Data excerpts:
....................

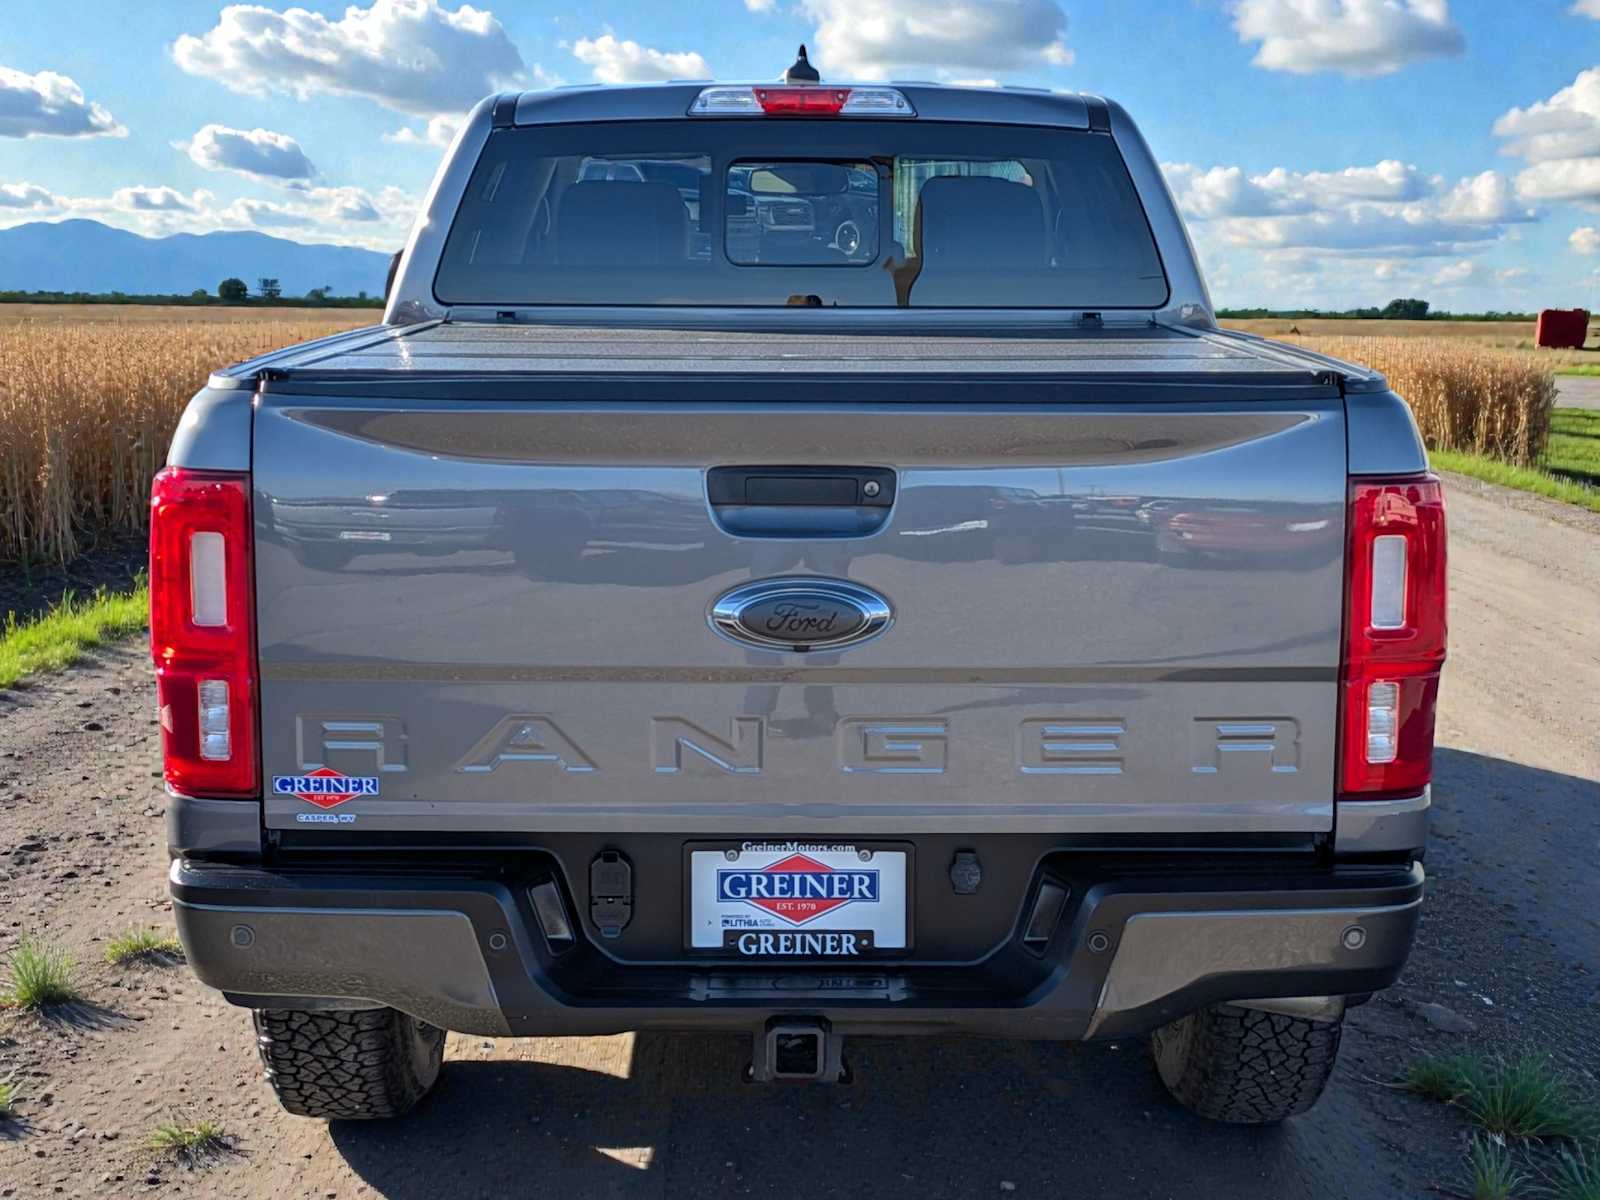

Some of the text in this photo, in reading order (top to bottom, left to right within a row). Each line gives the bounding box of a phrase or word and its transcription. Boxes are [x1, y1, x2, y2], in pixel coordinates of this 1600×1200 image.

[765, 602, 840, 633] Ford
[295, 713, 1302, 775] RANGER
[275, 777, 376, 793] GREINER
[741, 841, 856, 852] GreinerMotors.com
[723, 873, 874, 899] GREINER
[776, 902, 817, 912] EST. 1970
[738, 933, 859, 955] GREINER
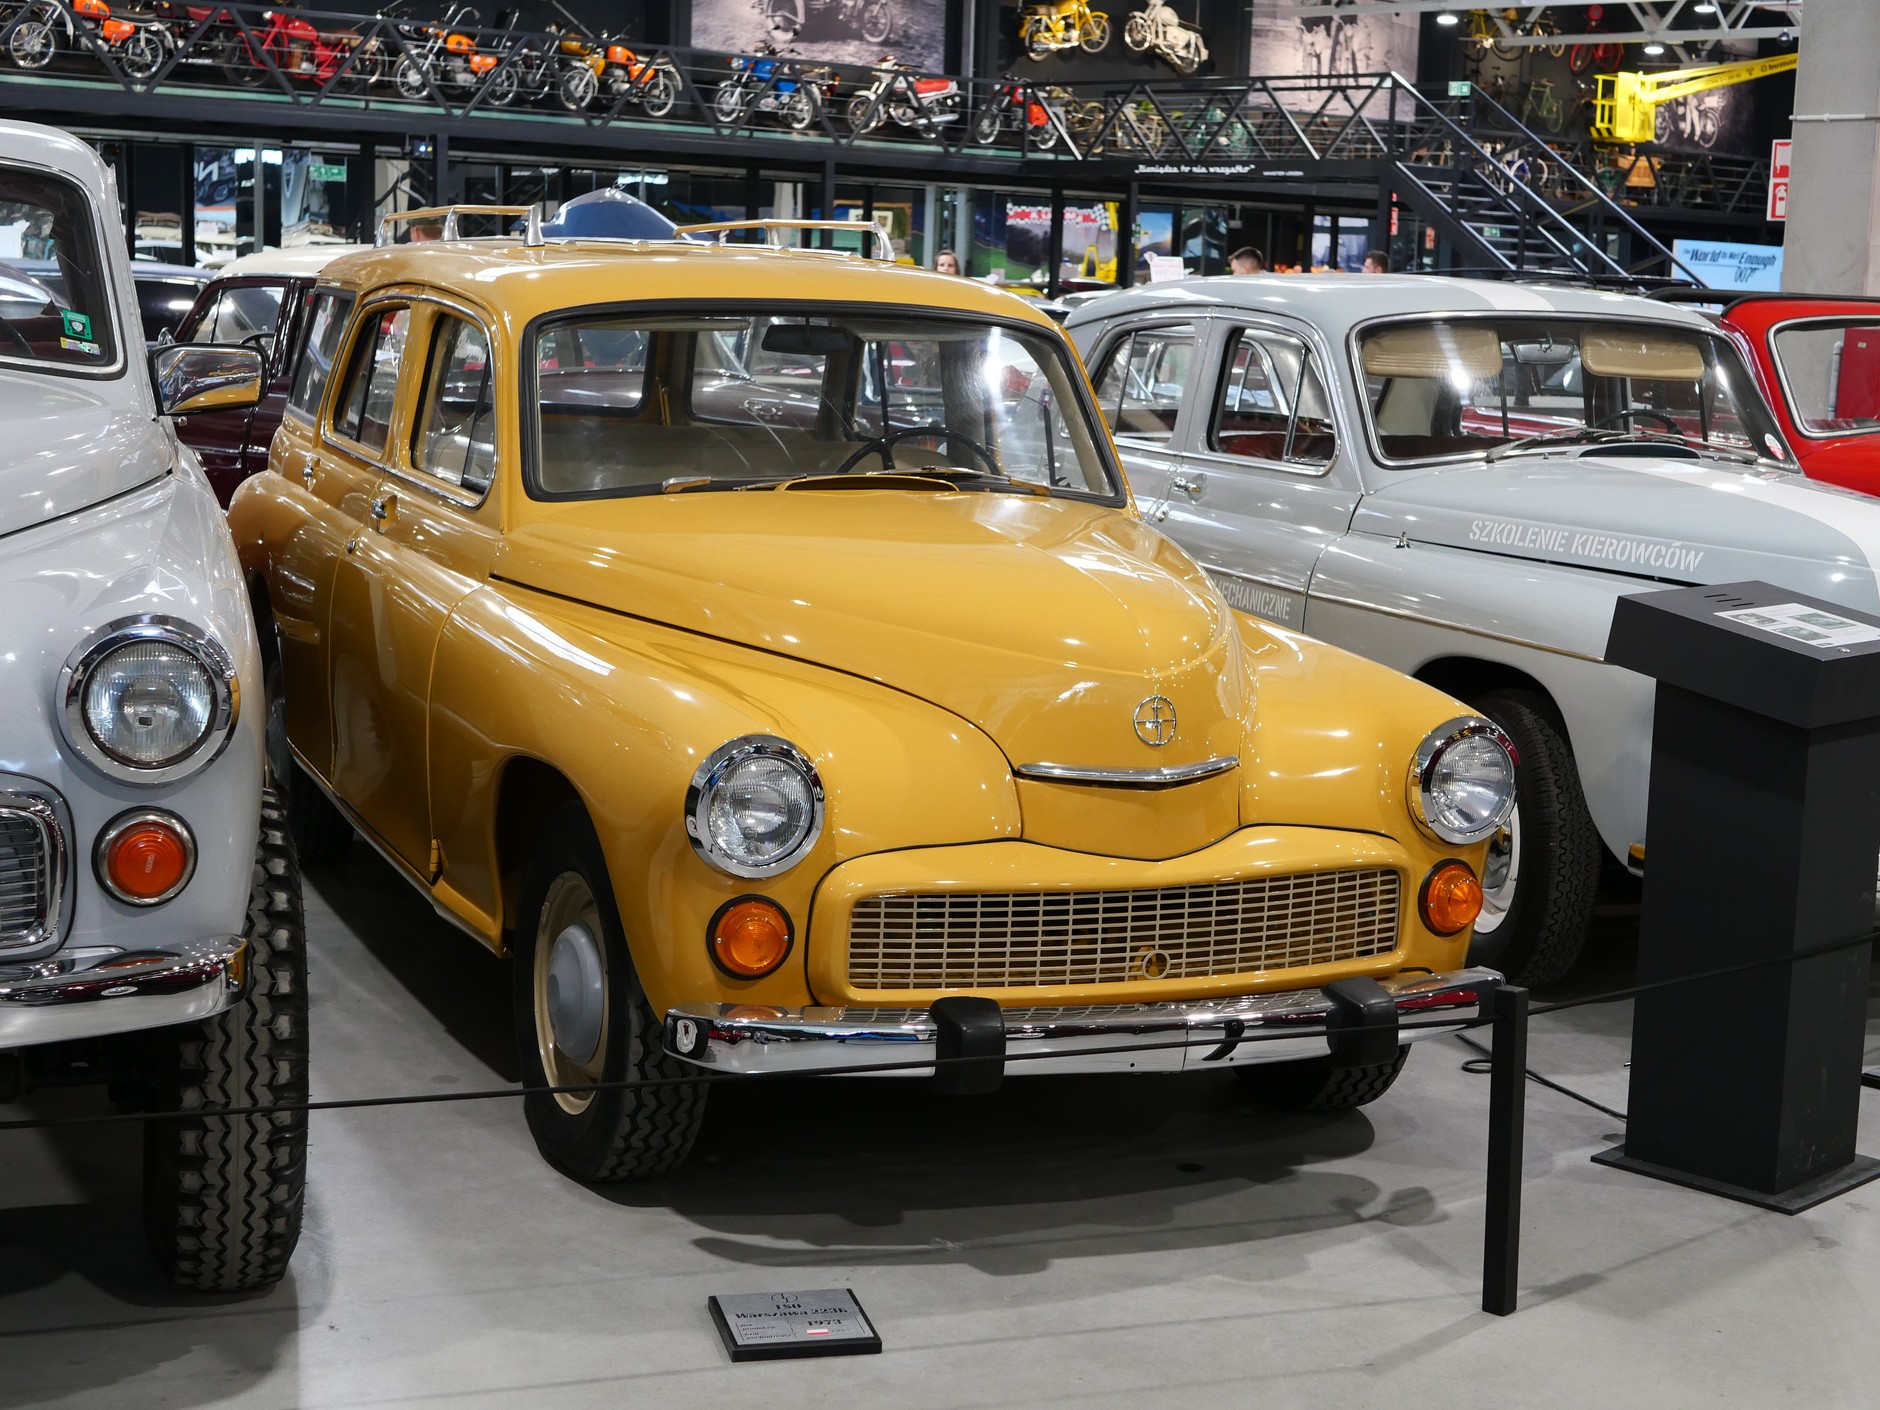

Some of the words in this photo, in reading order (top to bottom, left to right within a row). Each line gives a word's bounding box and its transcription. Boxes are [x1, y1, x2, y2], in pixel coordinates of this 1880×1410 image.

[1690, 247, 1722, 263] World
[1739, 251, 1777, 270] Enough
[1734, 266, 1758, 283] 007
[1469, 519, 1569, 553] SZKOLENIE
[1570, 533, 1705, 572] KIEROWCÓW
[735, 1310, 808, 1319] Warszawa

....................

▸ **Directions**
Output every entry above verbatim, but leave out the pictures.

▸ **Task output**
Some of the text in this photo, in reading order (top to bottom, left to right within a row). Each line gives the bounding box of a phrase or word and its transcription. Boxes are [x1, y1, x2, y2], in pixel coordinates of this 1600×1200 image.

[765, 602, 840, 633] Ford
[295, 713, 1302, 775] RANGER
[275, 777, 376, 793] GREINER
[741, 841, 856, 852] GreinerMotors.com
[723, 873, 874, 899] GREINER
[776, 902, 817, 912] EST. 1970
[738, 933, 859, 955] GREINER

Some of the words in this photo, in reading order (top to bottom, left to right within a row). Each line gives a word's bounding box and its transcription. Boxes are [x1, y1, x2, y2], in pixel coordinates of this 1880×1410 image.

[1690, 247, 1722, 263] World
[1739, 251, 1777, 270] Enough
[1734, 266, 1758, 283] 007
[1469, 519, 1569, 553] SZKOLENIE
[1570, 533, 1705, 572] KIEROWCÓW
[735, 1310, 808, 1319] Warszawa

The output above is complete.